Emma Graddon-Sims. • May 1, 2019
I am a bit biased, but I love West Sussex (handy, seen as I live here...!) I got married here and know many couples who chose to as well. It’s a vast space, with the Southdowns National Park reaching down to a stunning and varied coastline, with cities, villages and bustling market towns and seaside resorts. Can you tell I love living and working here? Maybe you have a family tie here, maybe it’s home or maybe you just love visiting...here are a few reasons why you should consider a West Sussex wedding...

  • Great transport links (I know....how boring is this?!) But, hear me out. If you’ve got guests travelling from far and wide they need to be able to actually, GET to your wedding.
  • Brilliant hotels! Whilst your guests are in West Sussex they could extend their stay and have a bit of a mini break. From the quirky glamping at Billycan in Arundel to the luxurious Amberley Castle there are so many places to suit both taste and budget. 

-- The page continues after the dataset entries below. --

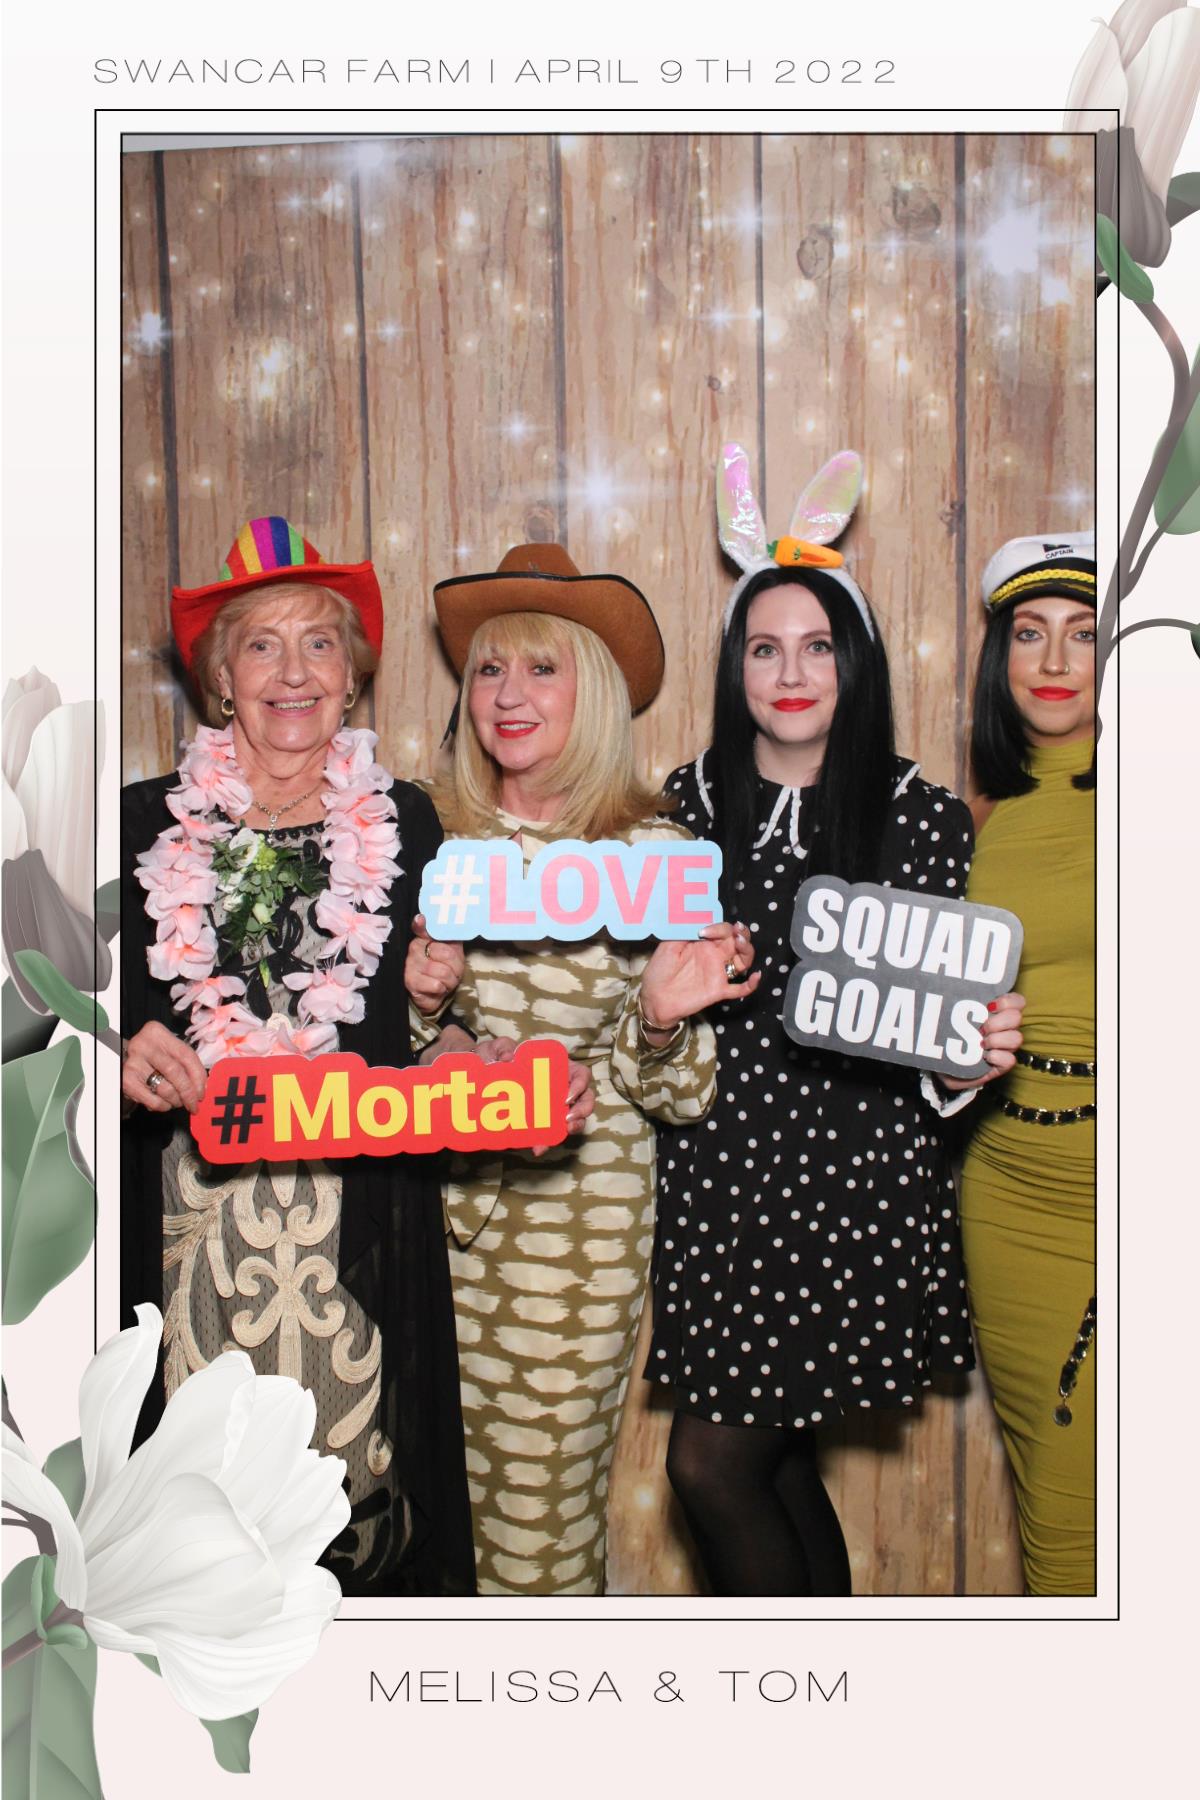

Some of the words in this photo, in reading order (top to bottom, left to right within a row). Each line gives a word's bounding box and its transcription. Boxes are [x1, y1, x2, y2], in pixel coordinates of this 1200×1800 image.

[1045, 548, 1074, 560] CAPTAIN
[429, 853, 714, 926] #LOVE
[802, 887, 1012, 985] SQUAD
[794, 969, 989, 1067] GOALS
[210, 1057, 552, 1145] #Mortal
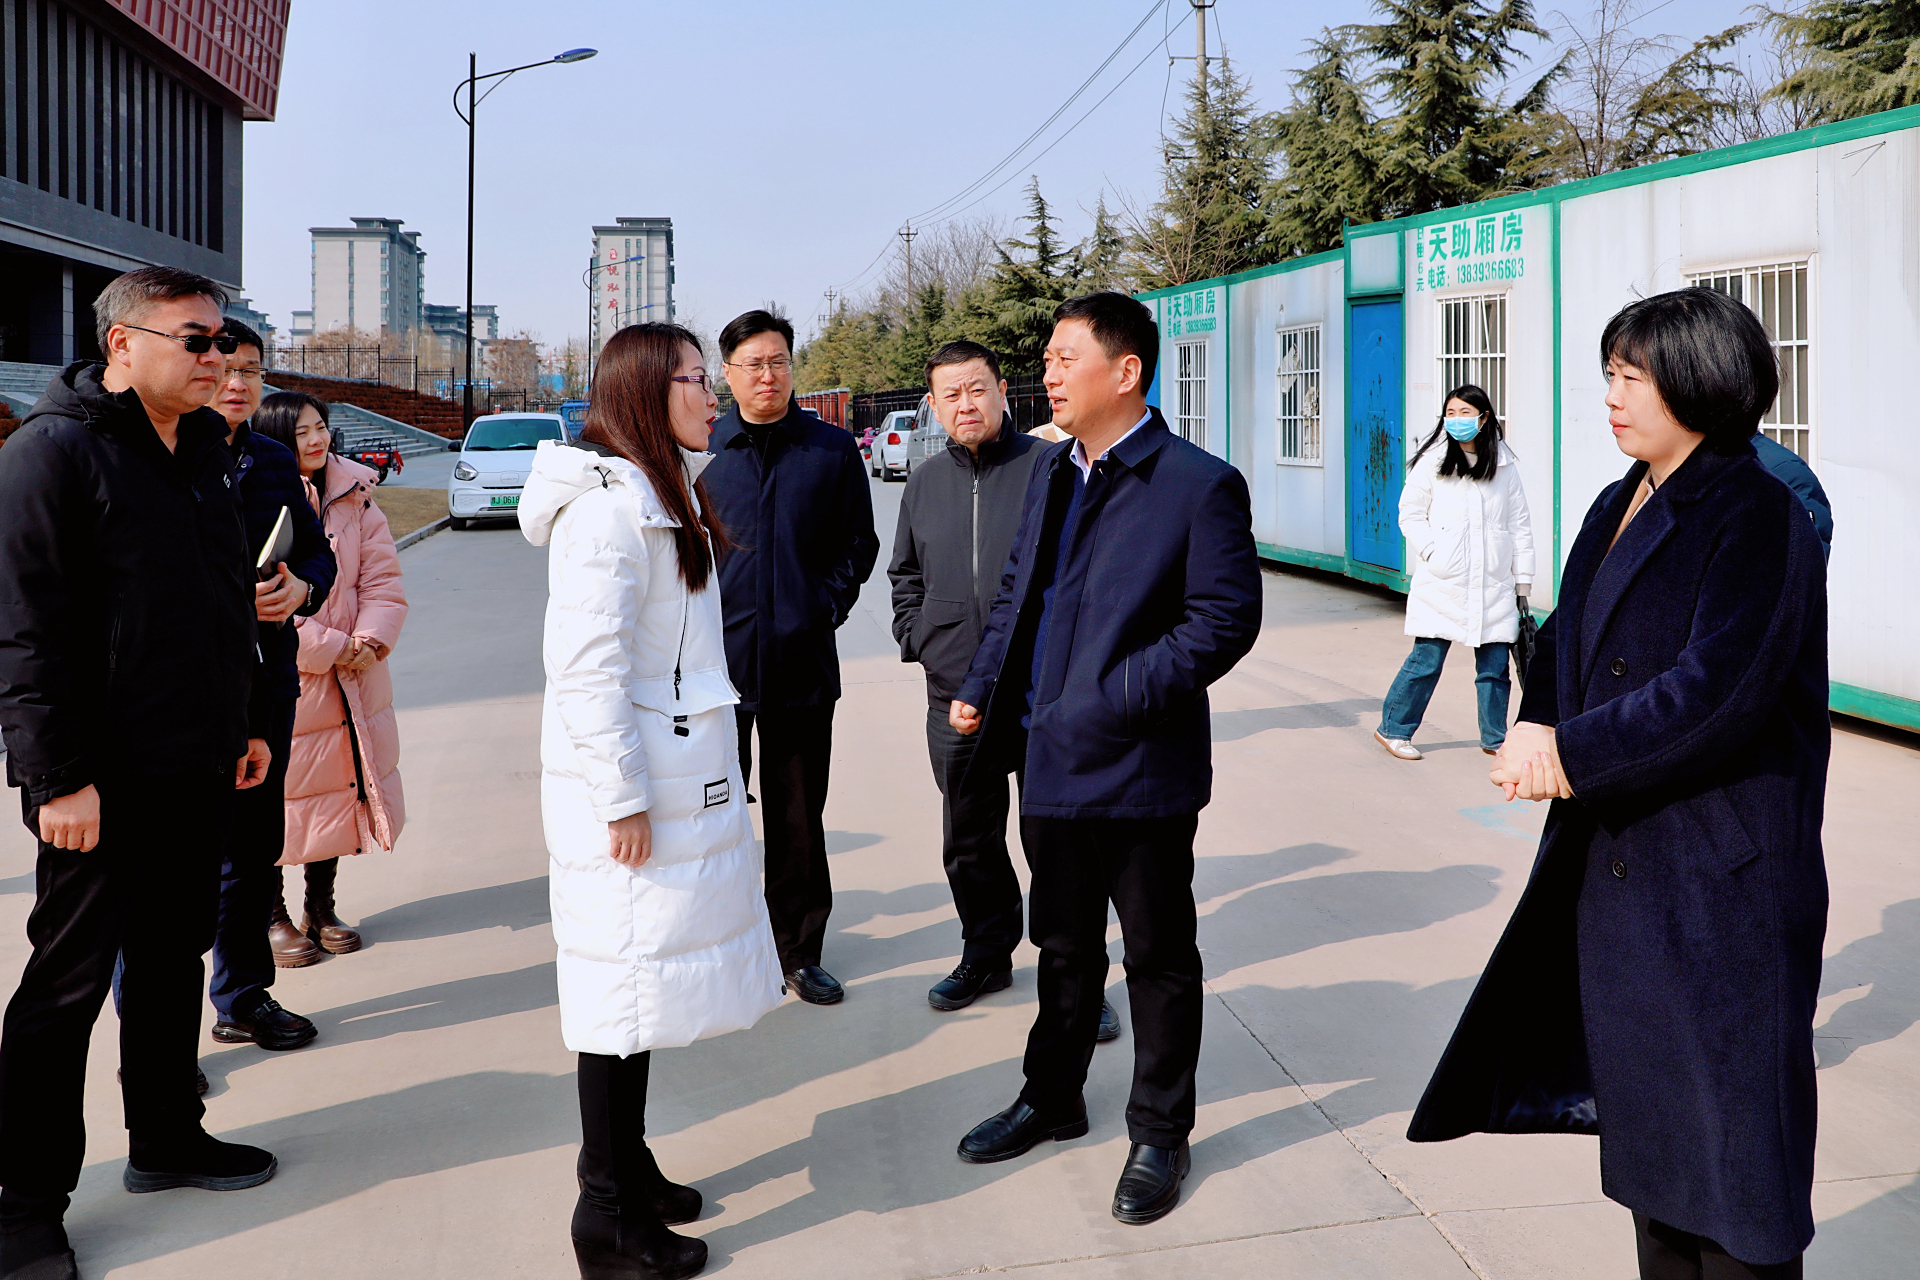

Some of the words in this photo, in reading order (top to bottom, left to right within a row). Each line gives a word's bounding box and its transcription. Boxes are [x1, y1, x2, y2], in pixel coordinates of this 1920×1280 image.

[1428, 212, 1523, 263] 天助厢房
[1457, 257, 1524, 285] 13839366683
[1173, 289, 1216, 319] 天助厢房
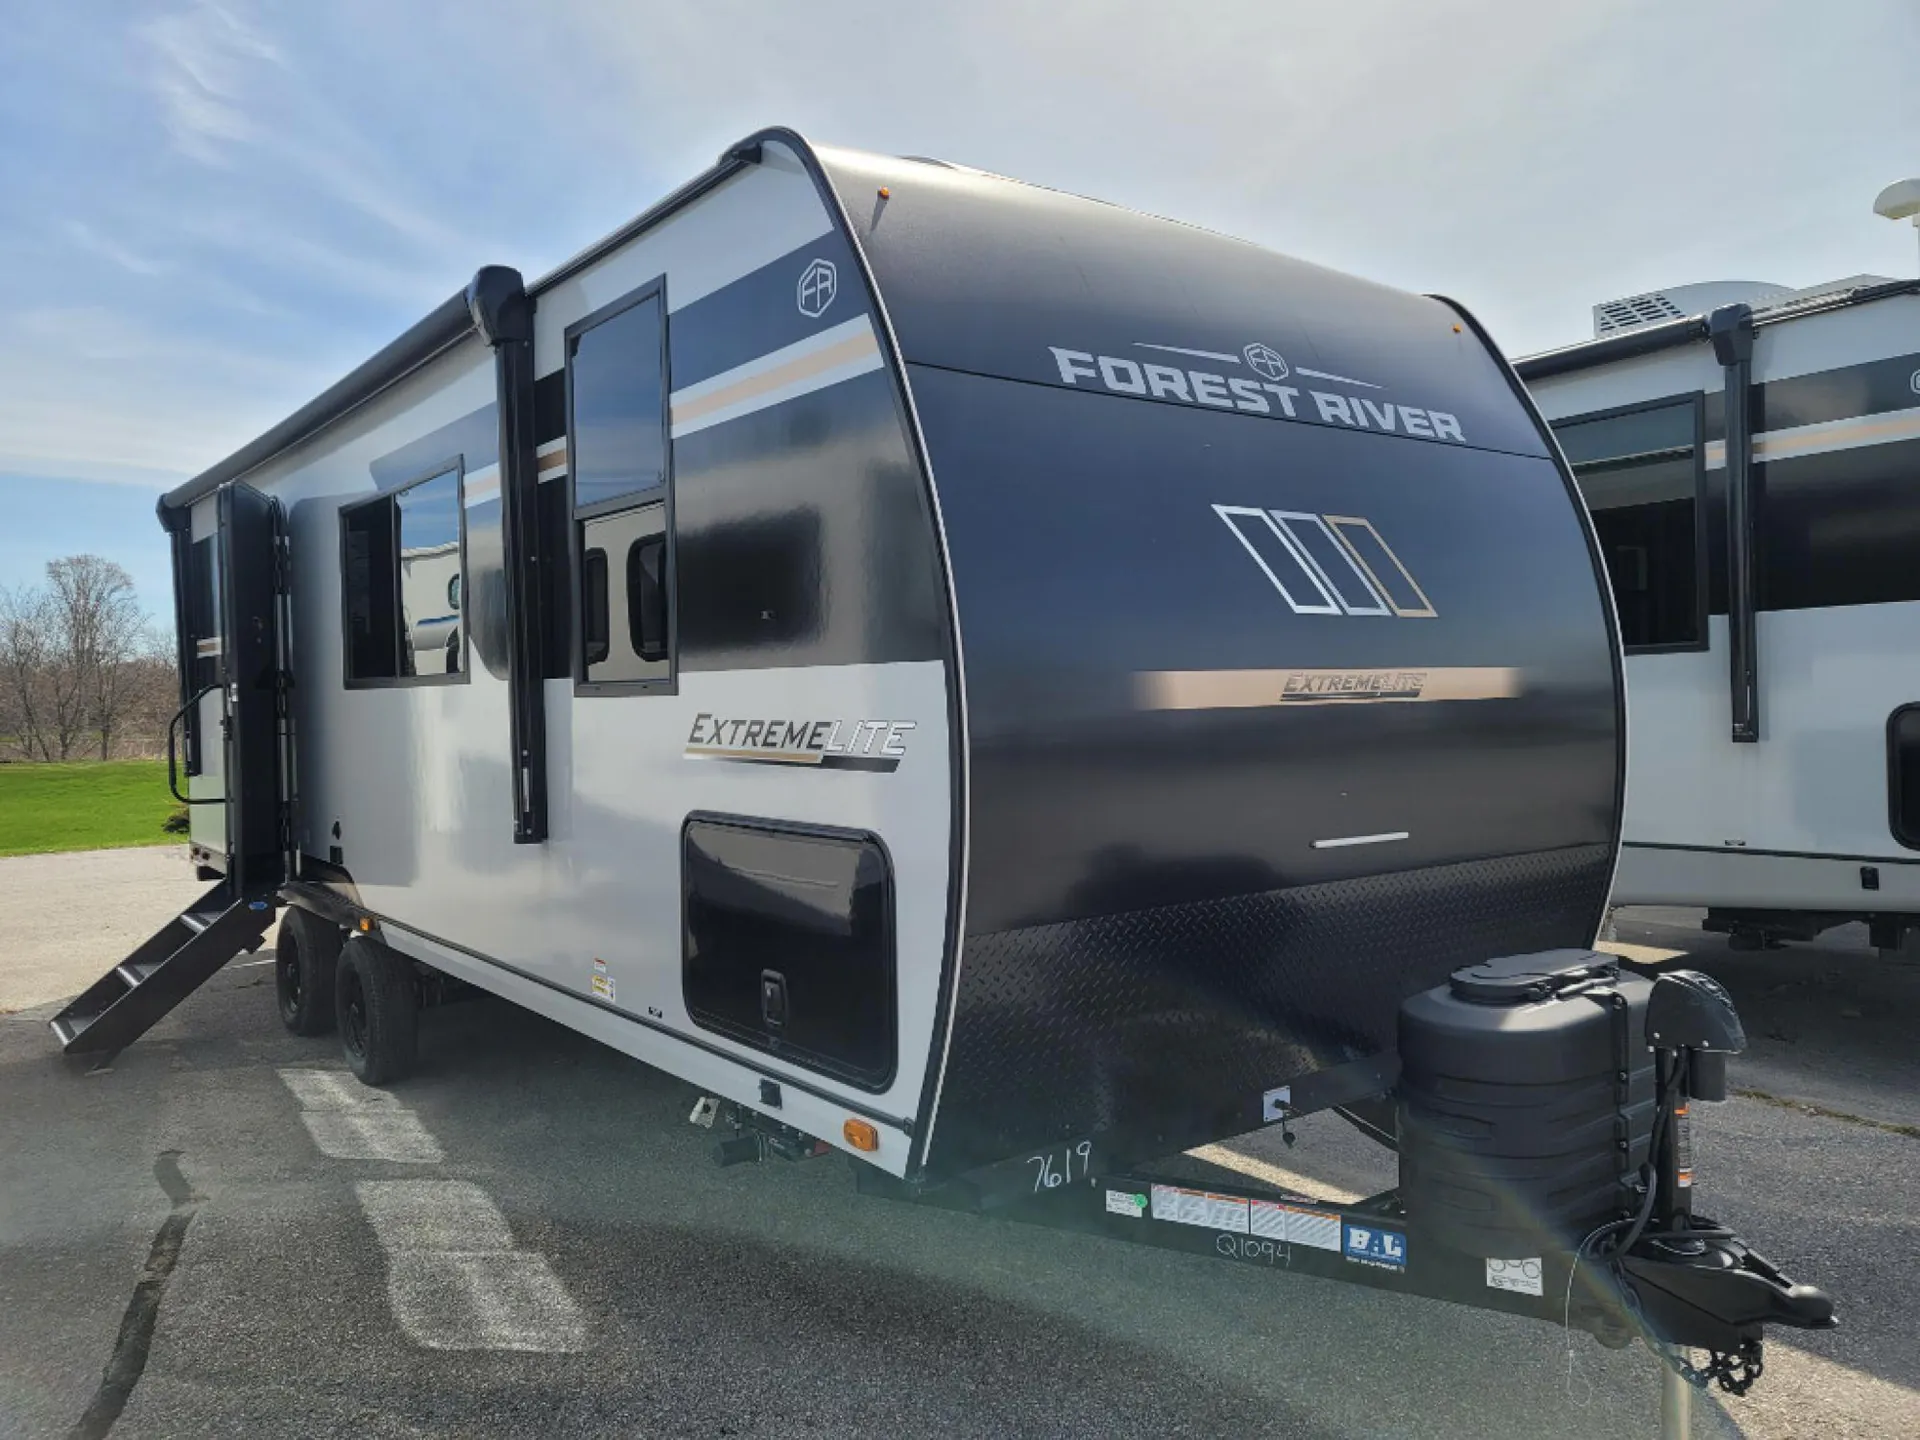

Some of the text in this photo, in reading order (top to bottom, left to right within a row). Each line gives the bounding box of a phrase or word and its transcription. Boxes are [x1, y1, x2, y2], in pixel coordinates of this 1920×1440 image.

[1048, 346, 1466, 443] FOREST RIVER
[1216, 1233, 1291, 1268] Q1094
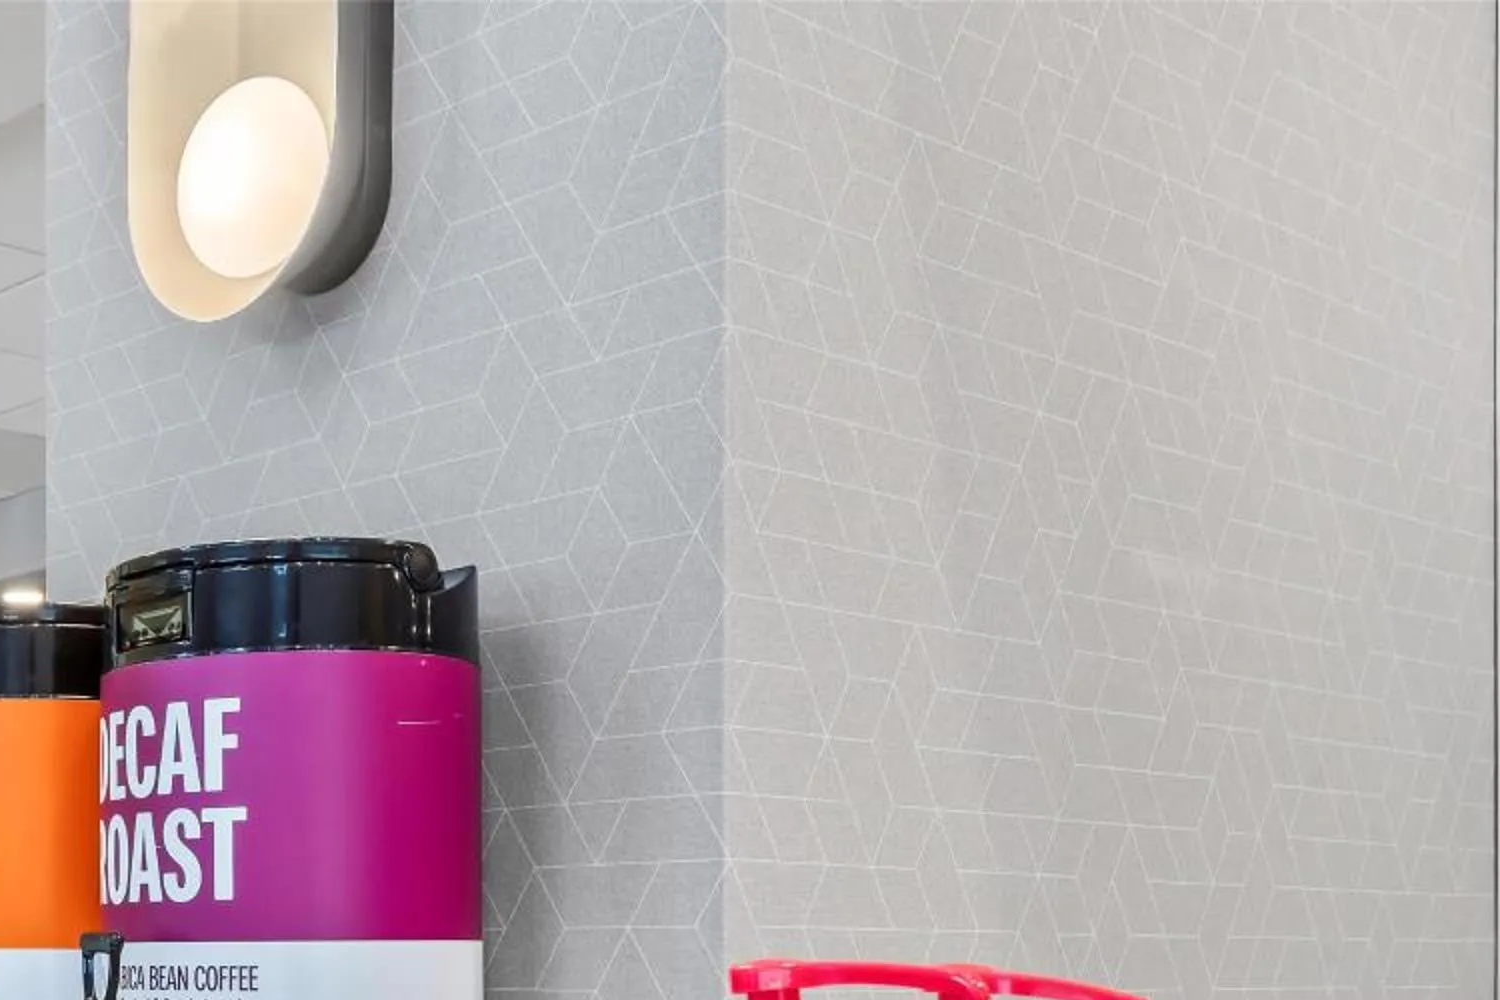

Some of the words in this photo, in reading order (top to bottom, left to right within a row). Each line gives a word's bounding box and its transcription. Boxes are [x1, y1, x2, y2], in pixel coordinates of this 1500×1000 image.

  • Choice. There is so much packed into this little county of ours. If you fancy saying your vows on the beach you can enjoy the old fashioned seaside glamour of Brighton or the quaint English beach huts of West Wittering (with a kaleidoscope of colours as your backdrop) If you want a city feel to your celebration then Brighton city centre has plenty of hustle and bustle or the charming streets of Chichester have a slower pace but still all the benefits of a city. The Cathedral hosts wedding receptions in both grand and cosily intimate locations – definitely worth a look. You’ve got beautiful, quirky towns such as Midhurst or Arundel – with different venues offering up so many choices that it can be hard to know where to start! Hotels, the stunning Cowdray Estate or the intimate Capron House all offer up something different and unique. Or maybe you want to enjoy the spectacular countryside? The cricket pavilion at Burpham as incredible views with plenty of space and a brand new playground for the little guests to enjoy (all whilst their parents kick back with a Pimms or two...) 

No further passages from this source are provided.